Simon TurnerJune 4th 2013.

I actually did that, googled it like you said Steve. And almost every entry says its Withington apart from estate agents who have a vested interest in pretending its in West Didsbury. The Old House At Home's own website says its in Withington.

Oliver Survey-MapJune 4th 2013.

This is a massive issue fellas phew glad we're sorting it. If not WD then Malvern Grove must be fifty yards outside.
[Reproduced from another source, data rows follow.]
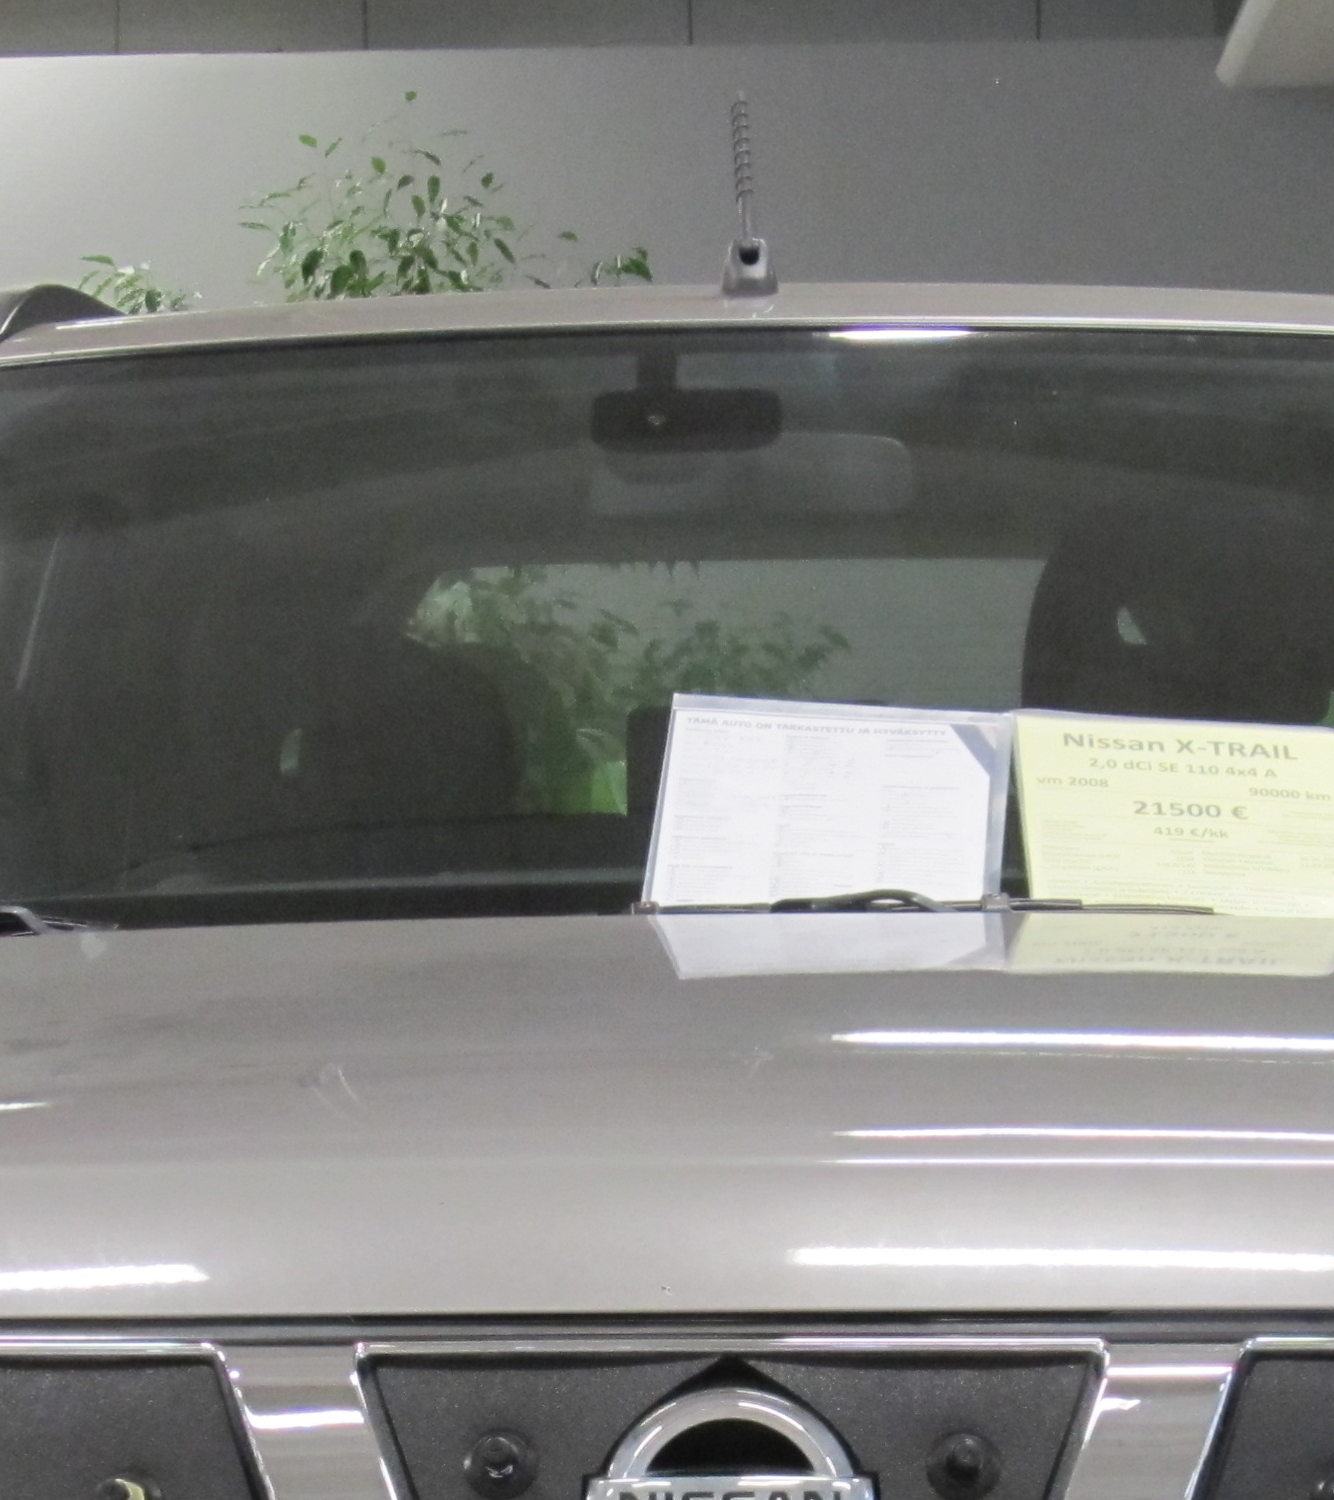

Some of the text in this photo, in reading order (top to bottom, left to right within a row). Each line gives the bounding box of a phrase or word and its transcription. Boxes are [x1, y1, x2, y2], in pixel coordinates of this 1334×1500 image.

[722, 719, 752, 729] AUTO
[755, 722, 772, 730] ON
[776, 723, 854, 734] TARKASTETTU
[858, 727, 870, 735] JA
[1062, 732, 1299, 761] Nissan X-TRAIL
[1089, 757, 1278, 779] 2,0 dCi SE 110 4x4 A
[1036, 776, 1109, 788] vm 2008
[1248, 787, 1332, 802] 90000 km
[1133, 800, 1249, 820] 21500 €
[1153, 826, 1230, 840] 419 €/kk
Simon TurnerJune 4th 2013.

Its not a massive issue. BUT it is indicative of the attractiveness of West Didsbury that until a few years ago anything north of the bridge (now the Metro) was Withington. But bit by bit Withington has shrunk and more roads/houses etc are calling themselves West Didsbury.

suzyblewJune 3rd 2013.

Lived in West Didsbury for 9 years and I quite enjoyed it the article. Everywhere gets stereotyped. It has the ultimimate postcode snobbery though. Although I know I was guily of that when I moved in! With reference to Malvern Grove, will a review of The Gallery follow, given it is the 3rd incarnation in 6 months (previously Elvis's kitchen, Verso etc). Will the tram encourage people to turn left?

1 Response: Reply To This...
Prince_HarmingJune 5th 2013.

It's actually the fourth incarnation - it was (very briefly) Terrace Bar just after Verso and before Elvis' Kitchen. I think that building may be cursed...

JanusxxxMarch 8th 2014.

Old house at home pub on burton road was where Dave Rainford did a lot of pub quizzes before he won quarter of a million on who wants to be a millionaire. He is now an egghead on the tv show. He's spent many years running pub quizzes and can be seen in the red lion sometimes. He's a friendly sort of guy or was years ago. He was a withington man as I remember. I do enjoy all this postcode snobbery. It's a proper chuckle! I live in the area of withington but I'm happy to use west didsbury or didsbury if it increases the value of my property! Just think nowadays there's hardly any of moss side left, just the bit that is is Alex park estate! Royal Mail tend to leave the sub area out but as I'm M20 I'm keeping my place as West didsbury!

AnonymousMarch 17th 2014.

West Didsbury didn't exist about 20 years ago, it was called Withington. It was pretty ropey and the Metropolitan wasn't a nice place. Much better up there nowadays but certainly some gentrification going on.

Jane AlesAugust 14th 2014.

Jeez...me and 'I'm indoors' sometimes travel in from the 'outer suburbs' to visit one of the WD swanky bars... (Please come and set your bars and indie shops up in boring old Sale) anyway... Yer puttin' us off chaps... Calm down... It was funny that article.